WHAT TO DO
Repeat only the lines between the one with "this 1280×1707 image." and the end of the material below, both ends included. Omit any picture.

DATA
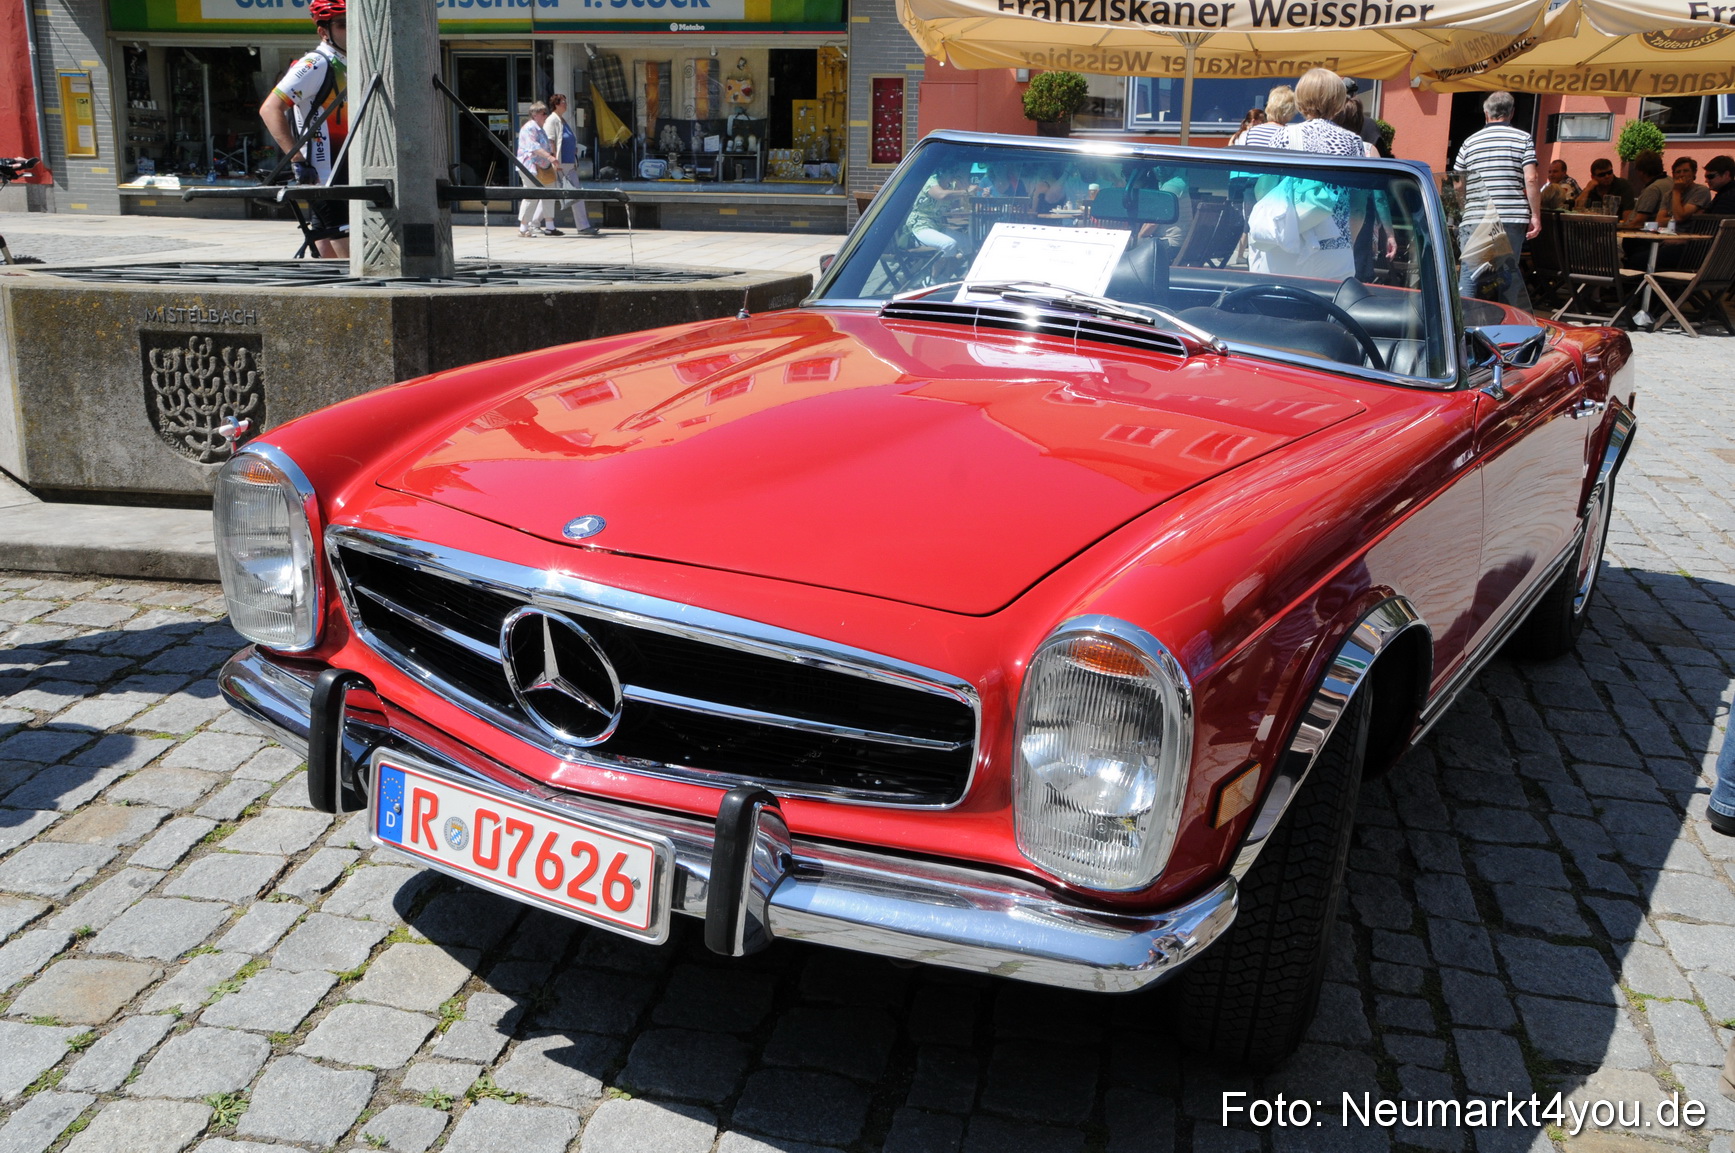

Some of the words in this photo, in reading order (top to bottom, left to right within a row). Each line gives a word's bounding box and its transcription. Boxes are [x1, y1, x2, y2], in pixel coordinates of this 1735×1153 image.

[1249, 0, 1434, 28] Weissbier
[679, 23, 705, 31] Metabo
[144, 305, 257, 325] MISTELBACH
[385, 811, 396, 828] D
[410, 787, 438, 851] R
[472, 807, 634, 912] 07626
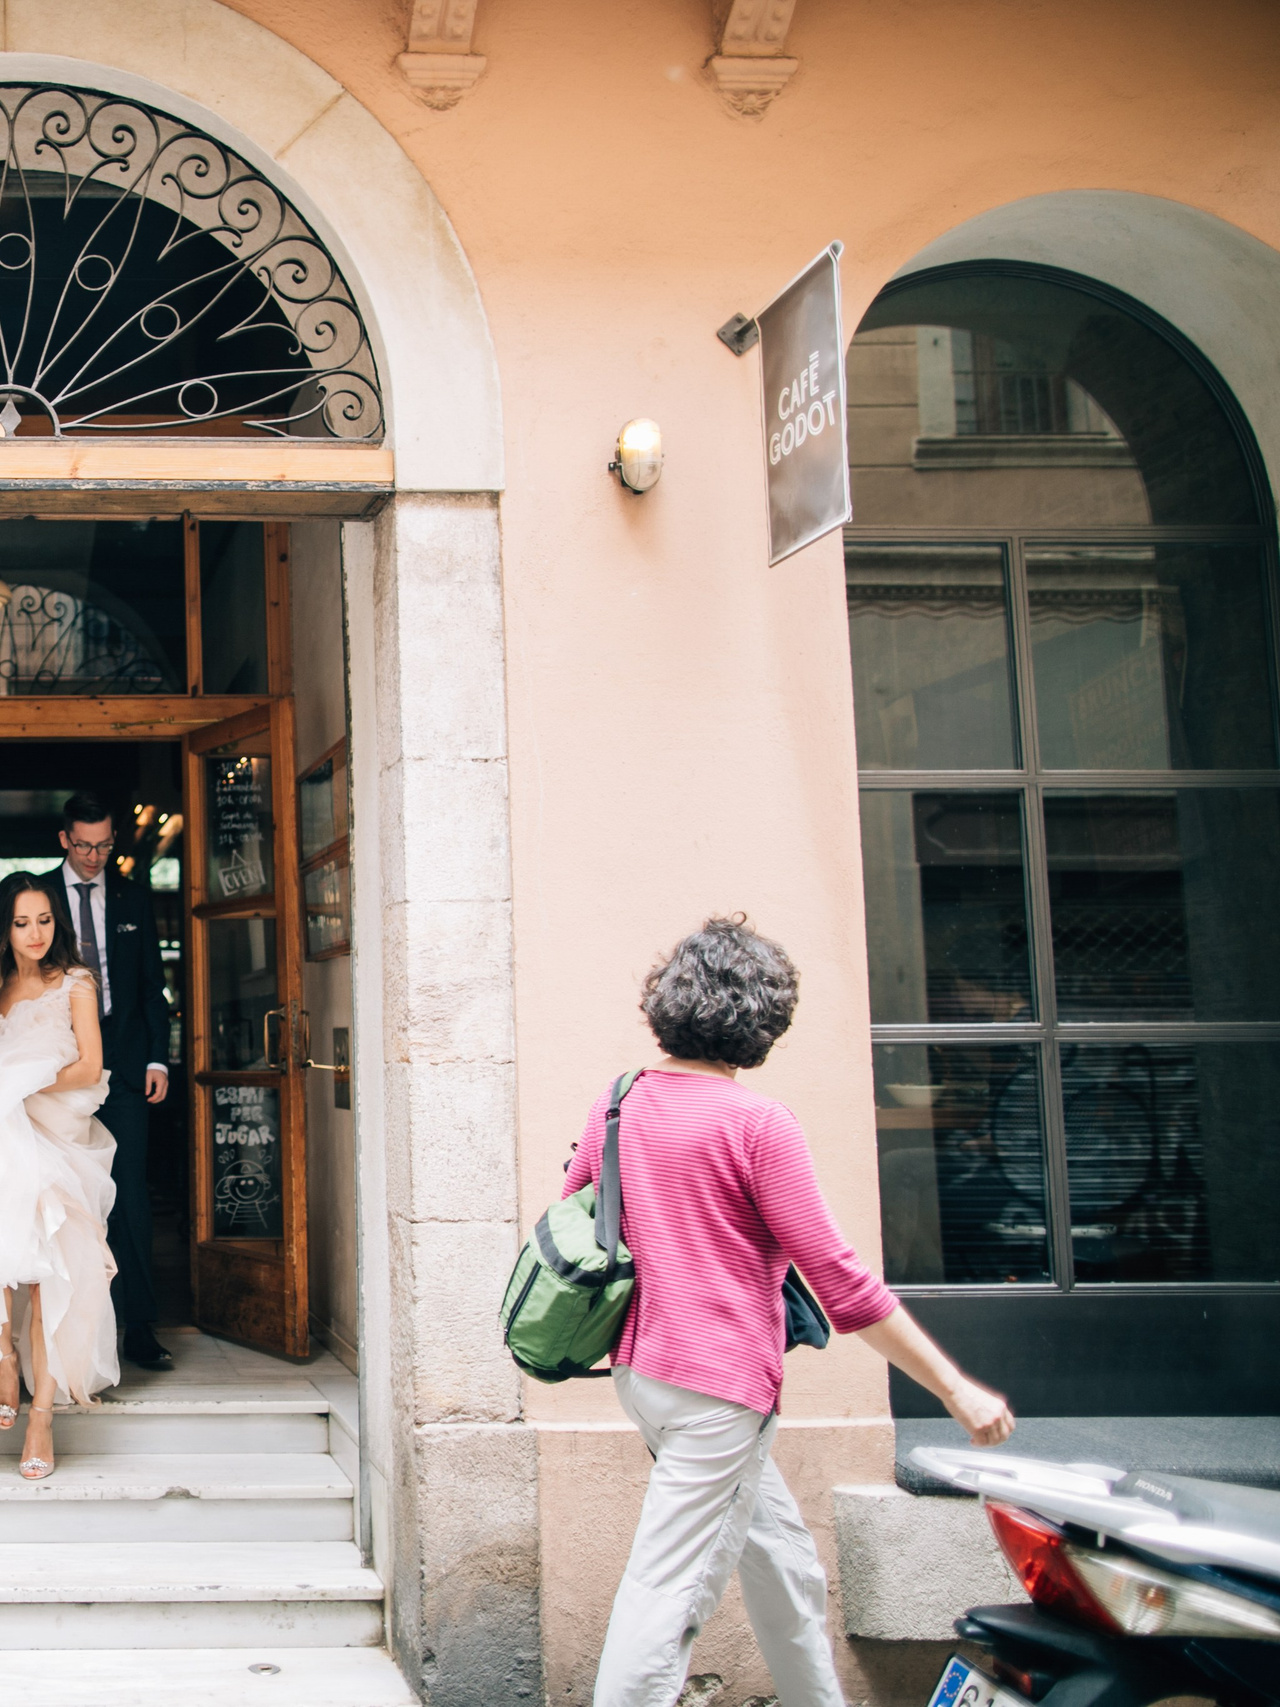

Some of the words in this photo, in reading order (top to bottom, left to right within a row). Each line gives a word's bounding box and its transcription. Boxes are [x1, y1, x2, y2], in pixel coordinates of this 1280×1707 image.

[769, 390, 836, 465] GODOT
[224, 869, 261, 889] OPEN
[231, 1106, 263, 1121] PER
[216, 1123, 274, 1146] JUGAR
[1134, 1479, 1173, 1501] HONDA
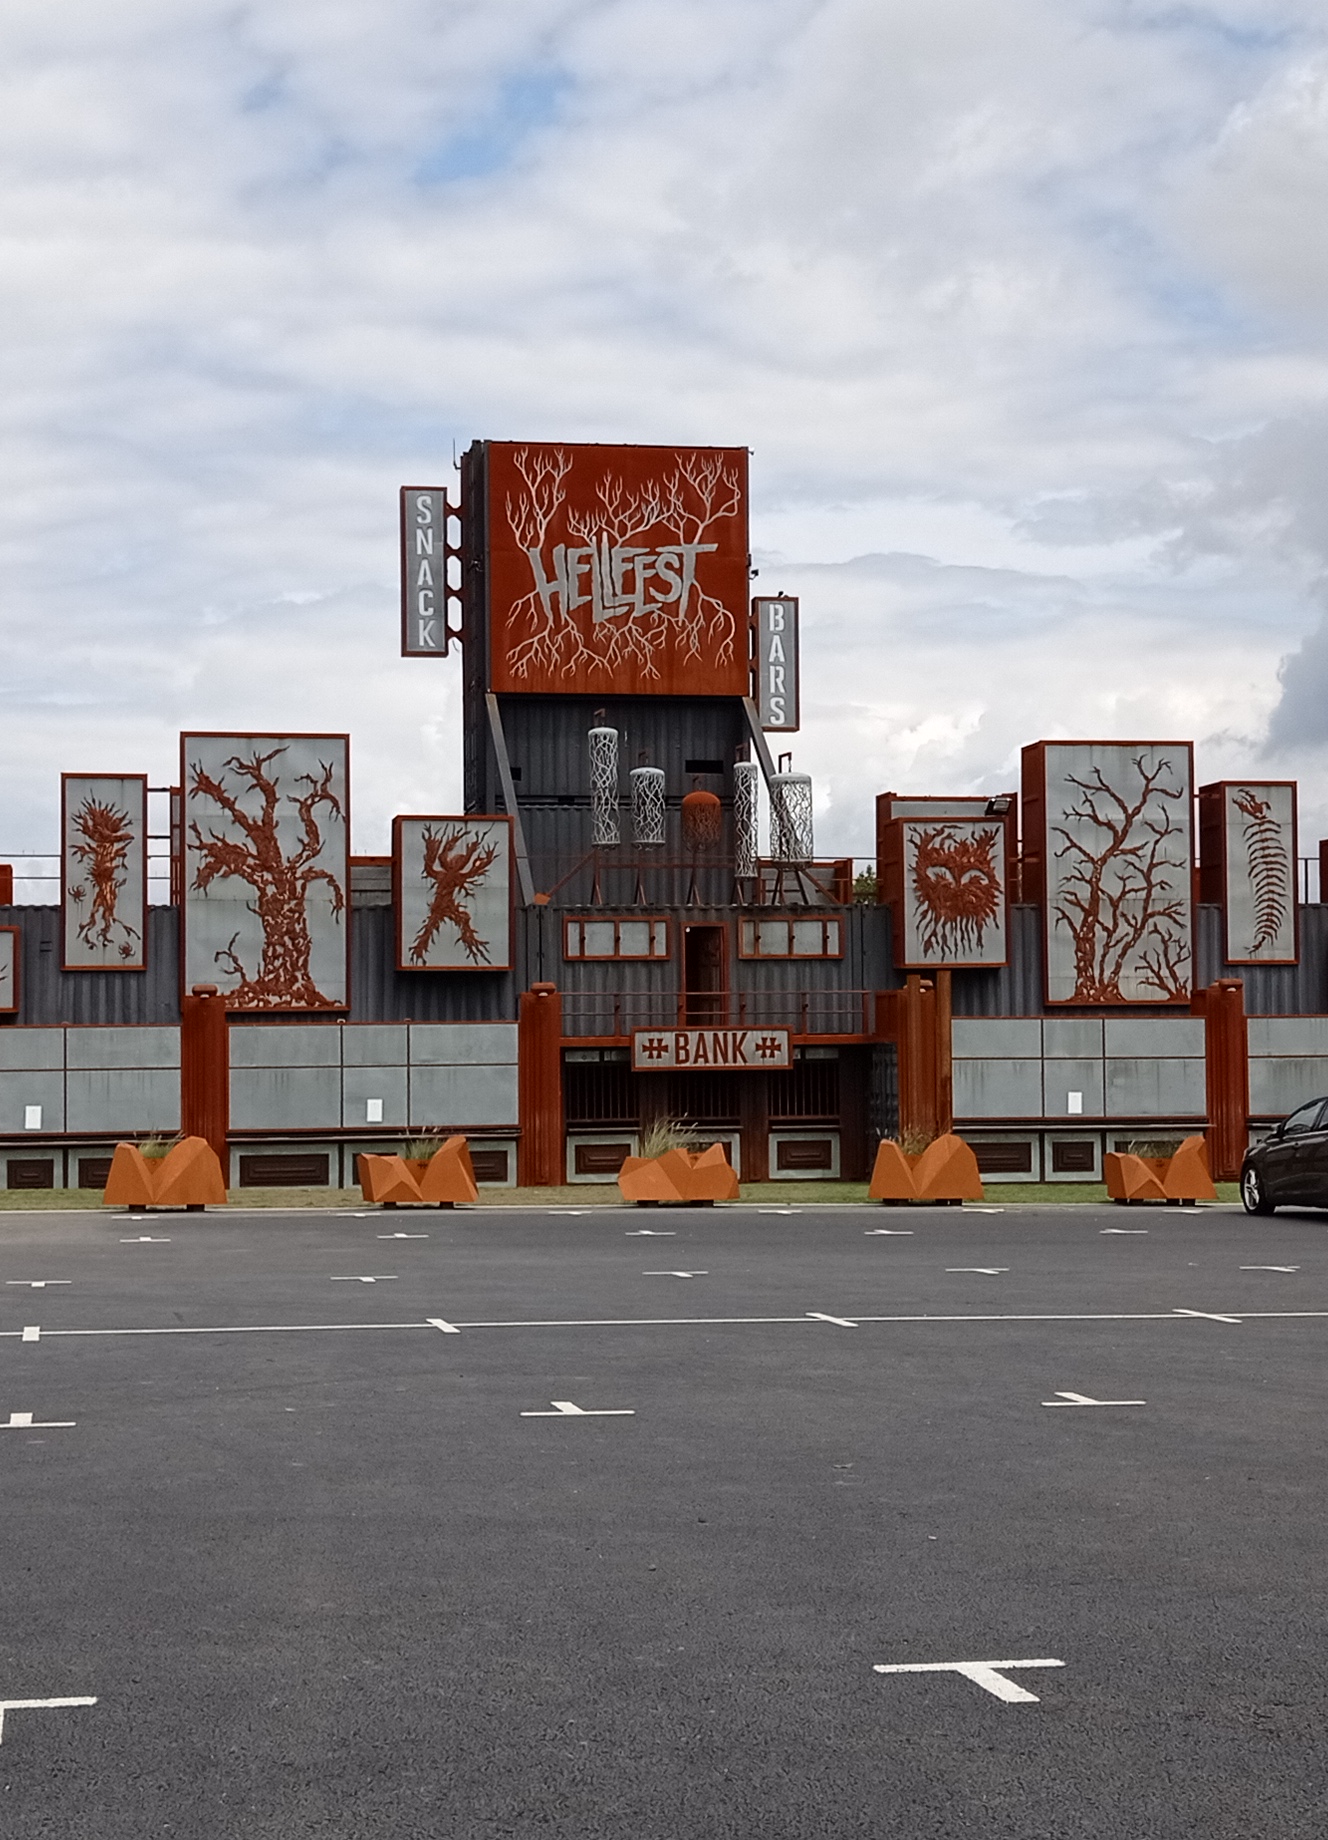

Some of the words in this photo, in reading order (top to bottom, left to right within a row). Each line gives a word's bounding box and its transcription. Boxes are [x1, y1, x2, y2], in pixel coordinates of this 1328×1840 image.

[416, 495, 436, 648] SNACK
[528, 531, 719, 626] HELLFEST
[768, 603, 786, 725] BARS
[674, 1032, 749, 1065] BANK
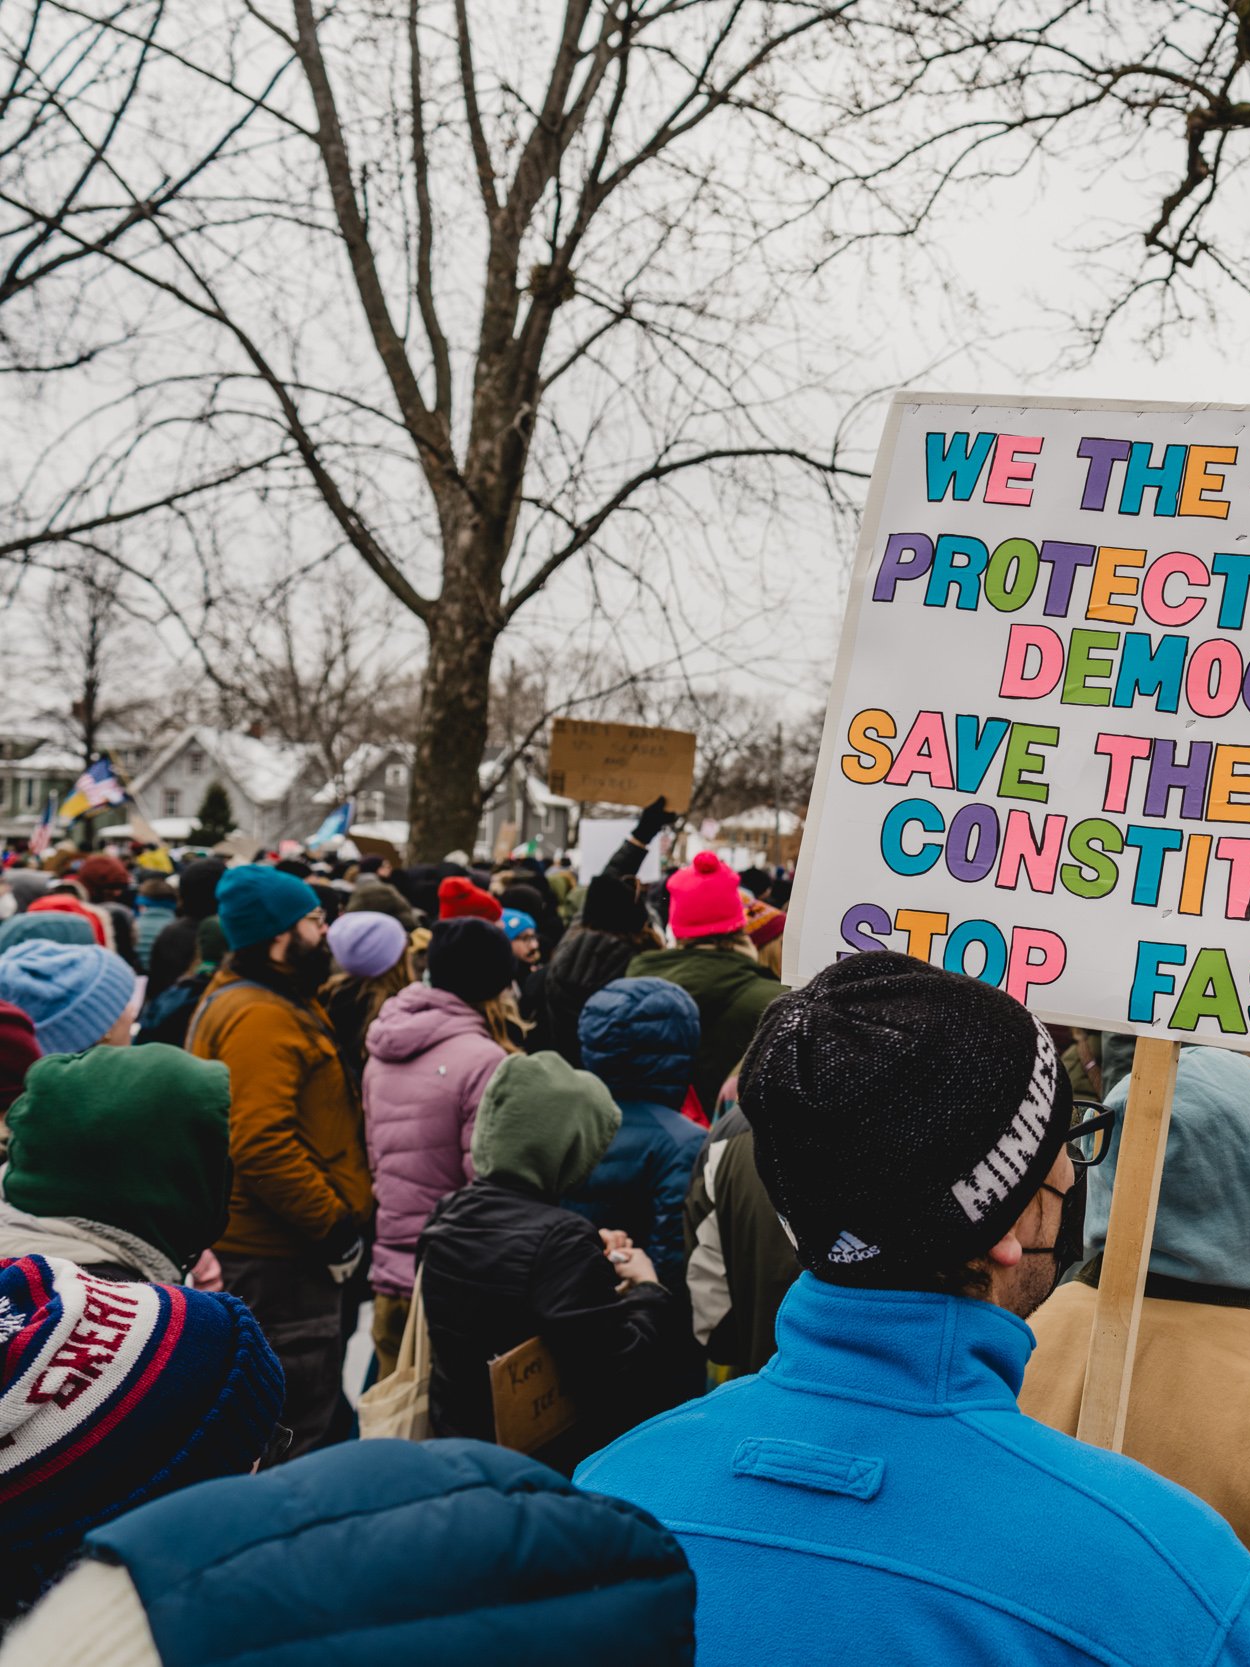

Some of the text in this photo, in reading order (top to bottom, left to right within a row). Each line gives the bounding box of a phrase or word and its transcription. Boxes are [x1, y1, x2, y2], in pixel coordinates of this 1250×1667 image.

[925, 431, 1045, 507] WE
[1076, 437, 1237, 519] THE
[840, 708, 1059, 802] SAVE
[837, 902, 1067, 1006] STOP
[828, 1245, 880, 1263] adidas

WRITTEN RESPONSE
Some of the words in this photo, in reading order (top to bottom, left to right within a row). Each line gives a word's bounding box and its transcription. Boxes are [x1, y1, x2, y2], in pixel coordinates of this 1280×1707 image.

[769, 390, 836, 465] GODOT
[224, 869, 261, 889] OPEN
[231, 1106, 263, 1121] PER
[216, 1123, 274, 1146] JUGAR
[1134, 1479, 1173, 1501] HONDA

Some of the words in this photo, in reading order (top to bottom, left to right within a row). Each line gives a word's bounding box and its transcription. Boxes are [x1, y1, x2, y2], in pixel coordinates of this 1328×1840 image.

[416, 495, 436, 648] SNACK
[528, 531, 719, 626] HELLFEST
[768, 603, 786, 725] BARS
[674, 1032, 749, 1065] BANK

Some of the text in this photo, in reading order (top to bottom, left to right within a row). Each line gives the bounding box of a phrase or word and its transcription. Boxes are [x1, y1, x2, y2], in pixel coordinates of this 1250×1667 image.

[925, 431, 1045, 507] WE
[1076, 437, 1237, 519] THE
[840, 708, 1059, 802] SAVE
[837, 902, 1067, 1006] STOP
[828, 1245, 880, 1263] adidas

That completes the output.